C’est le meilleur et le plus célèbre champignon de la famille des bolets. Son nom vient du mot gascon cep qui signifie « tronc ». Son pied, blanc ou jaunâtre, a effectivement la forme d’un tronc, trapu quand il est jeune, allongé quand il vieillit. Son chapeau brun est rond, de la forme d’un bouchon de champagne quand il est petit ; il s’élargit au fur et à mesure du vieillissement du cèpe. Il est tapissé de tubes blancs qui foncent de plus en plus lors de la croissance, jusqu’à devenir vert foncé quand le cèpe est vieux (et immangeable).

Avant de s'’appeler « cèpe », ce champignon est un bolet. Les Grecs le nommaient bolites, les Romains boletus, et c’est ce terme qui a perduré dans la classification botanique. Le nom de « cèpe de Bordeaux » est entré dans le langage gastronomique au XIXe siècle quand les Parisiens en étaient approvisionnés par les récoltants du Bordelais. À partir des années 1950, sa consommation se généralisa vraiment et c’est seulement en 1971 que l’appellation « cèpe » fut officiellement légalisée par un décret pour empêcher les abus commerciaux.

On trouve les cèpes frais, séchés, congelés, en conserve et à l’huile d’olive, ou bien au vin blanc, ou encore au vinaigre, ainsi qu’en poudre.

Plus un cèpe est jeune, meilleur il est. Un bon cèpe est toujours bien ferme, tête et pied ; si celui-ci est mou, c’est qu’il renferme peut-être des vers.

Comme la plupart des champignons, le cèpe est spongieux et peut vite absorber de l’eau lors de son nettoyage. Il faut donc le rincer le plus rapidement possible. Un simple pinceau ou même une brosse à dents souple feront aussi bien l’affaire pour le nettoyer.

Les cèpes se cuisent sur le grill, dorés au sautoir, au four, à l’étuvée. Ils s'accommodent en salade, en omelette, en velouté, en marmelade, panés ou farcis. Mais aussi crus, en fin copeaux.

Les cèpes frais se gardent au frais, à plat dans un torchon. Pour les conserver, on peut les stériliser, les congeler, les sécher ou les plonger dans de l’huile après les avoir cuits dans un bouillon. Ils se sèchent ou se mettent en conserve.

Comme tous les champignons, le cèpe est très pauvre en calories. Il contient beaucoup de fibres, des protéines et des sels minéraux.

Plus d’une vingtaine de variétés de cèpes sont répertoriées. En France, quatre espèces sont commercialisées :

  • Le cèpe de Bordeaux (Boletus edulis) : chapeau brun noisette, chair à l’odeur et à la saveur de noisette ; il pousse un peu partout, sous tous les arbres, et se récolte de fin août à novembre. Les très jeunes sont nommés « cèpes bouchons » ; leur diamètre ne doit pas dépasser 4 cm.

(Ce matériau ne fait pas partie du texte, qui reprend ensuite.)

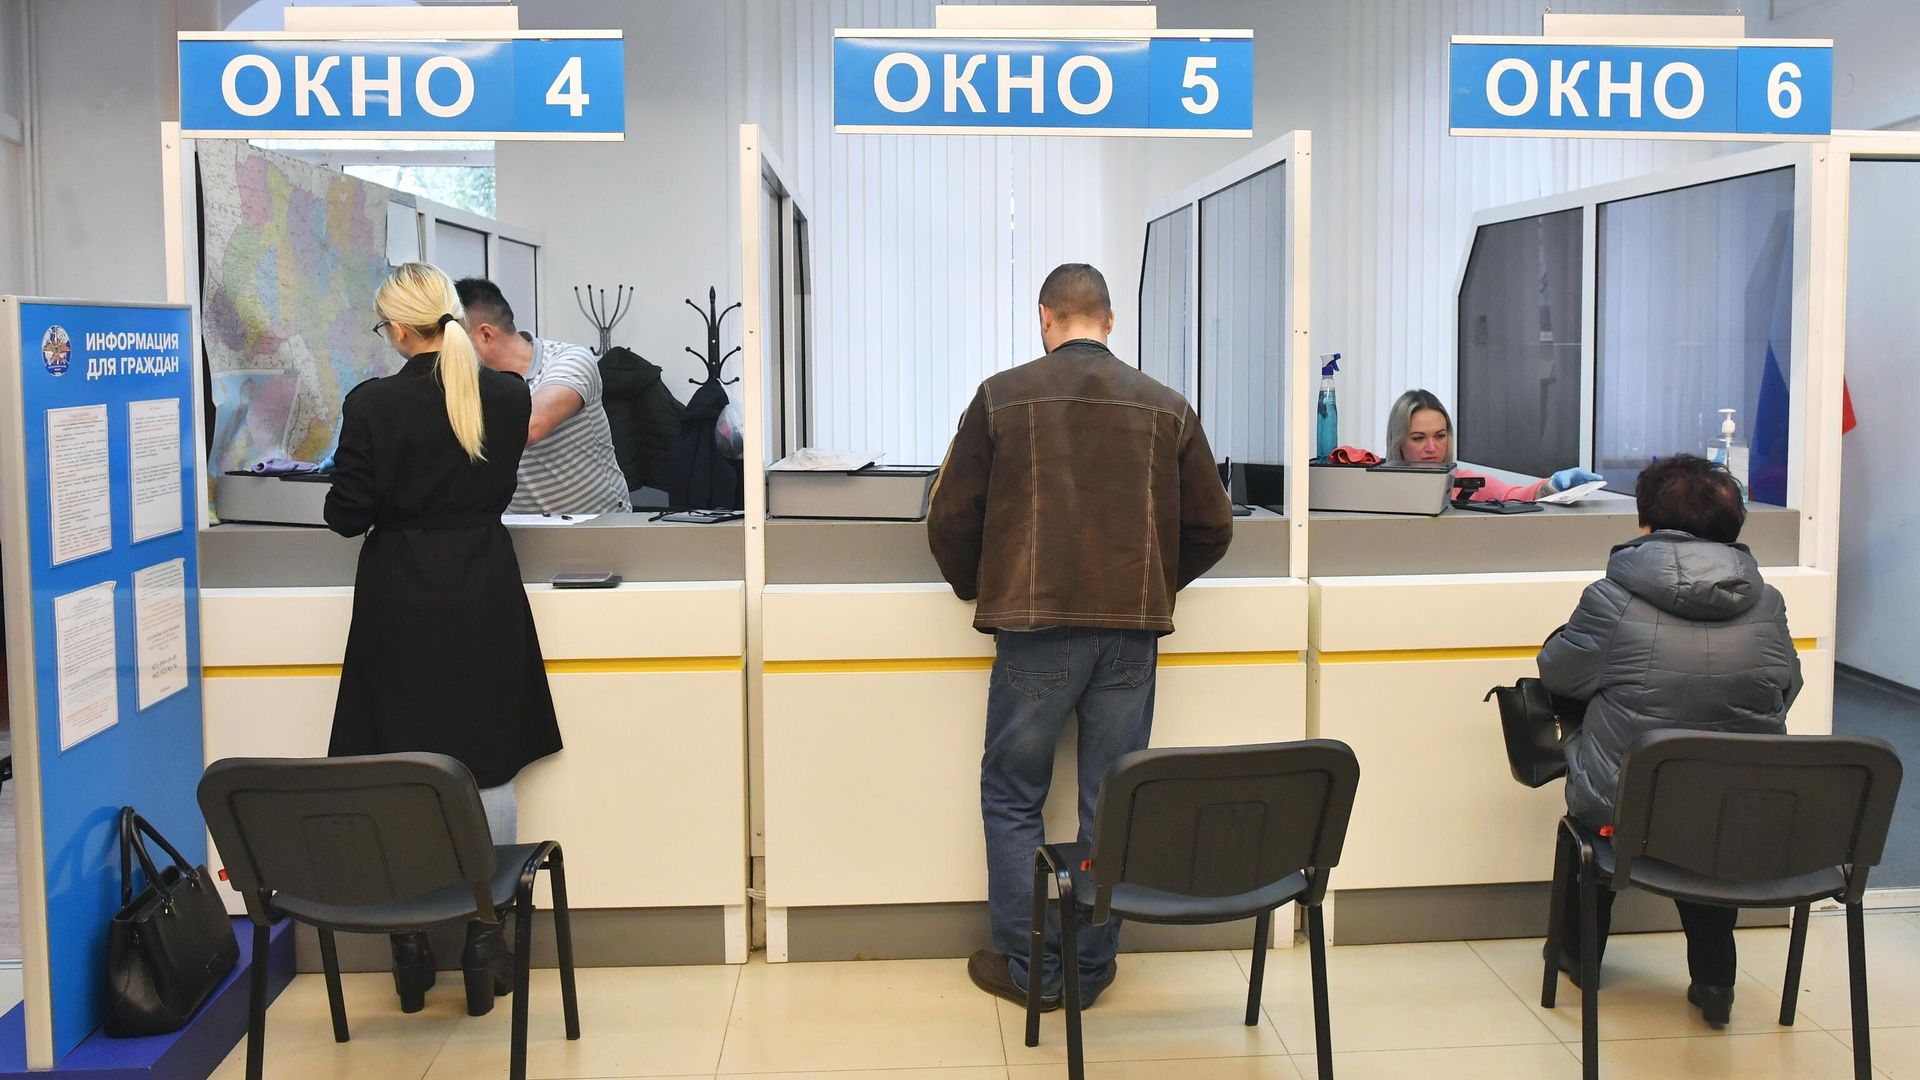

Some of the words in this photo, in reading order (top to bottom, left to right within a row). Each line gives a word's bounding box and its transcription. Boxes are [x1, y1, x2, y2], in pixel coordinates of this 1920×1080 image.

  • le cèpe bronzé ou « tête noire » (Boletus aereus) : chapeau châtain foncé, voire noir ; plus rare, il se trouve surtout sous les chênes et sous les châtaigniers ; il apparaît de juillet à octobre.

  • le cèpe d’été (Boletus aestivalis) : chapeau marron clair-café, chair plus douce et moins ferme que celle du cèpe de Bordeaux ; il pousse surtout dans le Sud-Est, sous les chênes, les hêtres et les châtaigniers, et se récolte de mai à juillet.

  • le cèpe de montagne (Boletus pinophilus) : chapeau roux acajou et visqueux, se récolte dans les forêts de pins (comme son nom l’indique) et en altitude, à la fin de l’automne.

En Italie : le fungo di Borgotaro bénéficie d’une IGP (indication géographique protégée) ; il se récolte dans la région de Borgo Val di Taro, près de Parme. Le cèpe de Bordeaux pousse spontanément dans de nombreux pays : en Espagne (calabaza), en Grande-Bretagne (penny bun), en Allemagne (steinpliz) et en Italie (porcino).

Le mot « cèpe » est utilisé dans d’autres pays pour désigner ses cousins, les bolets, dont les variétés sont nombreuses ; le bolet de la Maâmora et le bolet bal, importés du Maroc, se trouvent ainsi sur les marchés français. Le cèpe d’Amérique est lui aussi un bolet.

Au Japon, l’eryngii est particulièrement savoureux ; il se rapproche du cèpe, mais il n’appartient pas à la même famille botanique.